7 ASU students arrested in protest of immigration bill

Before chaining themselves to the doors of the State Capitol on Tuesday, nine college students — seven of them from ASU — knew their actions would likely lead them to a jail cell down the road.

Now dubbed by community members the “Capitol Nine” and “SB 1070 Nine,” the students were part of a group of protesters arrested as they expressed opposition to the state’s latest immigration bill.

SB 1070 passed the Senate Monday in a 17-11 vote and is now awaiting the governor’s signature.

The legislation would make illegal immigration a state crime. According to an Arizona House of Representatives fact sheet, it would also allow officials and agencies to “reasonably attempt to determine” a person’s immigration status and also require police to report to the U.S. Immigration and Customs Enforcement whenever an illegal immigrant breaks the law.

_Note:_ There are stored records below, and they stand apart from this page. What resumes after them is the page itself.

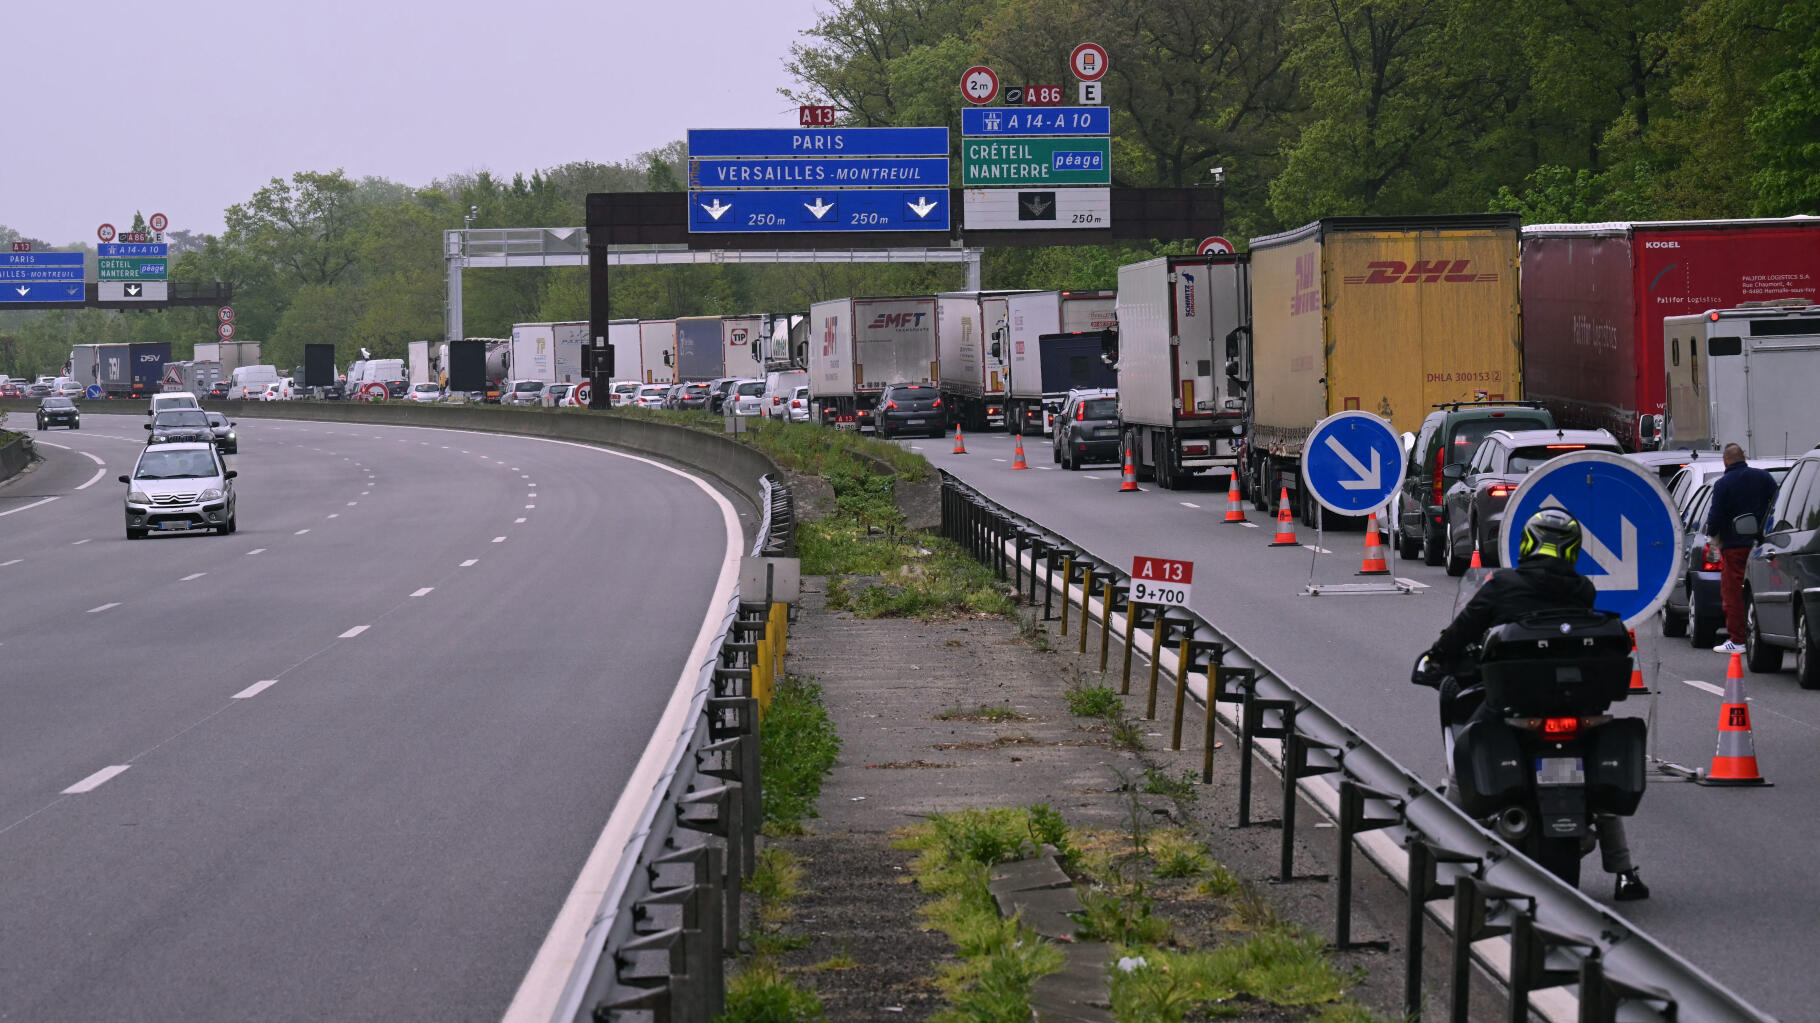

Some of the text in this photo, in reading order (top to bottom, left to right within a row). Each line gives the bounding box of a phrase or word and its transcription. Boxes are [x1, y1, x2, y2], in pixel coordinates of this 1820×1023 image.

[970, 80, 978, 91] 2
[1026, 87, 1061, 102] A 86
[1085, 85, 1095, 101] E
[801, 108, 833, 123] A 13
[1007, 114, 1019, 129] A
[1072, 113, 1091, 128] 10
[792, 135, 845, 150] PARIS
[969, 143, 1033, 159] CRÉTEIL
[1055, 153, 1101, 169] péage
[717, 166, 825, 181] VERSAILLES
[969, 163, 1050, 179] NANTERRE
[747, 213, 787, 226] 250 m
[850, 212, 889, 225] 250 m
[1072, 214, 1093, 224] 250
[128, 233, 145, 241] A 86
[156, 233, 161, 242] E
[13, 243, 30, 251] A 13
[149, 246, 159, 254] 10
[9, 255, 35, 263] PARIS
[100, 260, 131, 268] CRÉTEIL
[100, 269, 139, 277] NANTERRE
[141, 264, 164, 274] péage
[1362, 259, 1475, 285] DHL
[1657, 296, 1722, 304] Palifor Logistics
[732, 333, 746, 342] TIP
[140, 354, 161, 362] DSV
[1426, 373, 1453, 383] DHLA
[1455, 372, 1490, 382] 300153
[1141, 560, 1183, 581] A 13
[1135, 583, 1185, 604] 9+700
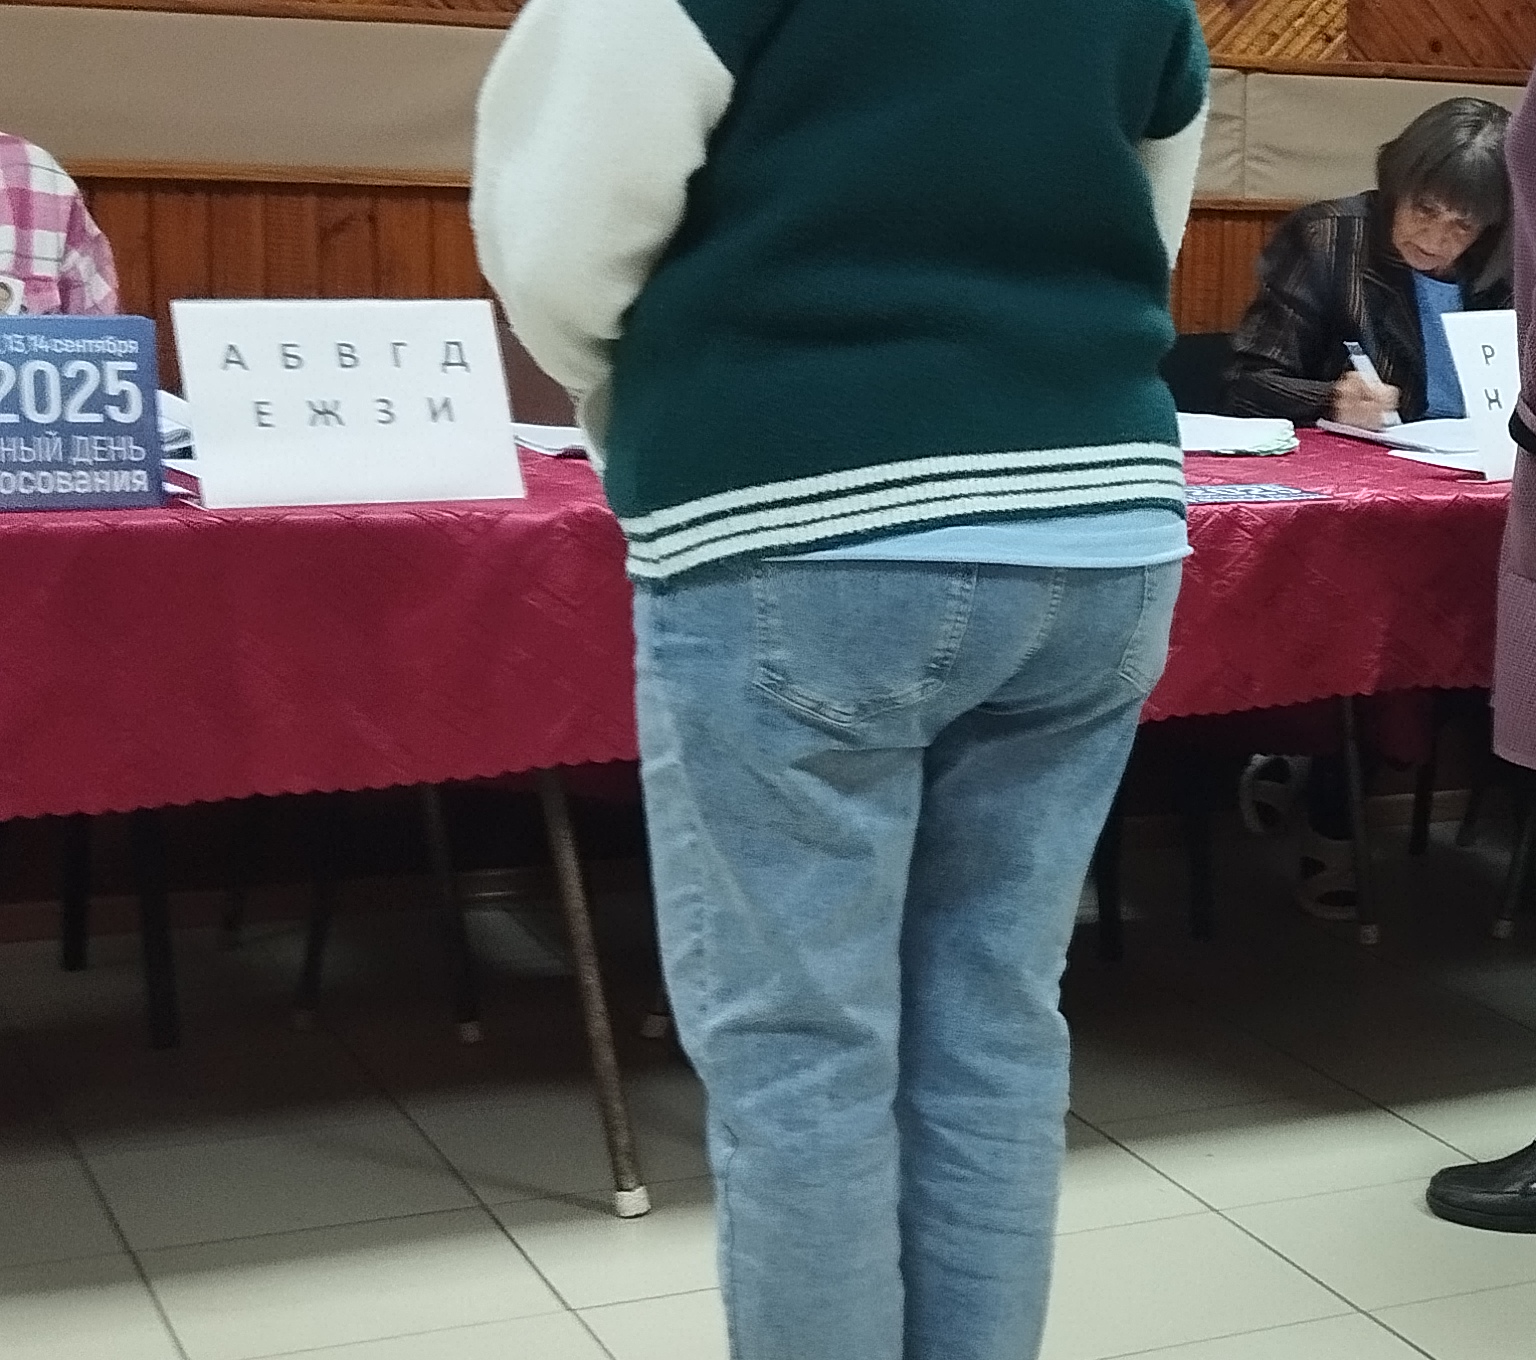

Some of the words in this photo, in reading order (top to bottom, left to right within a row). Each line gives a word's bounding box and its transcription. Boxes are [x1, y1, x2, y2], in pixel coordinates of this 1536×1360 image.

[219, 344, 250, 371] А
[280, 343, 304, 369] Б
[336, 342, 360, 368] В
[390, 342, 408, 368] Г
[440, 341, 471, 373] Д
[1481, 344, 1496, 367] Р
[253, 400, 276, 428] Е
[304, 399, 346, 427] Ж
[374, 398, 396, 425] З
[424, 397, 455, 423] И
[70, 435, 146, 465] ДЕНЬ

“I think it’s a bill that will

automatically set up the state of Arizona for apartheid — more segregated than it already is,” said political science senior Bryant Partida, who attended a Tuesday evening rally in support of the arrested students. “[It’s] a push for a high-intensity police state, which will definitely cause more fear in our communities.”

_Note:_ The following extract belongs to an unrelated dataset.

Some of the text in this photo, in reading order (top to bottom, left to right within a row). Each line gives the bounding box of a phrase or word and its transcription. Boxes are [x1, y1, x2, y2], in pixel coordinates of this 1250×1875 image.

Gov. Jan Brewer can either sign the bill, veto it or let it become law without her signature, which will happen if she makes no action by Saturday.

A group of community members and students, many of them from ASU, gathered outside the jail, holding signs and candles in a show of support.

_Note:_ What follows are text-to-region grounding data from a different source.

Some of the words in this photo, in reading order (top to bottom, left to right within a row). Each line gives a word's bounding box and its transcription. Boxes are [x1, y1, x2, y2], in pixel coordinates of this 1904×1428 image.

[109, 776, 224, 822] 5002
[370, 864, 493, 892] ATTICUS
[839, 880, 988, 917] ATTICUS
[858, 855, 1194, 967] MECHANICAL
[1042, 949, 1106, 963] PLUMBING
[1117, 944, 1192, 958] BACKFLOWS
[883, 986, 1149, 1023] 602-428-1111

“We’re gathered here because we’re forming solidarity,” said Sandra Castro, a history senior. “We have a mass presence of students rather than community organizers.”

Castro said the students’ action was deliberately intended to get the attention of state lawmakers and the governor.

“They’re not doing their job because they’re supposed to be paying attention to us,” Castro said. “All the students [against the bill] have been flooding Jan Brewer’s phone for the past two weeks.”

The ASU students arrested included four seniors, two juniors and a graduate student. The other two arrestees were from community colleges.

Candelaria Montes de Oca, the sister of arrestee Gregorio Montes de Oca, a political science senior, said she was proud of her brother and the rest of the students.

“They were there for a good cause,” said Candelaria, a social work sophomore. “We all just wanted to veto SB 1070.”

Alma Montes de Oca, the older sister of Gregorio, said her brother wanted to give a voice to the illegal immigrants.

“He felt it was his duty as a student to work in a nonviolent way to bring about change for all of those students who don’t have the ability to speak their opinions,” she said.

The other ASU students arrested were justice studies junior Daisy Cruz, social work senior Ernesto Lopez, journalism junior Justine Garcia, political science senior Ruben Lucio Palomares, social work senior David Anthony Portugal and graduate student Faviola Augustin. Armando Rios from South Mountain Community College and Leilani Clark from Pima Community College in Tucson were also arrested.

Cruz was released at around 9:30 p.m. after her parents posted bail. The rest of the arrested students remained in jail at the time of publication.

Attorney Antonio Bustamante said the nine students would likely be charged with misdemeanor for disorderly conduct.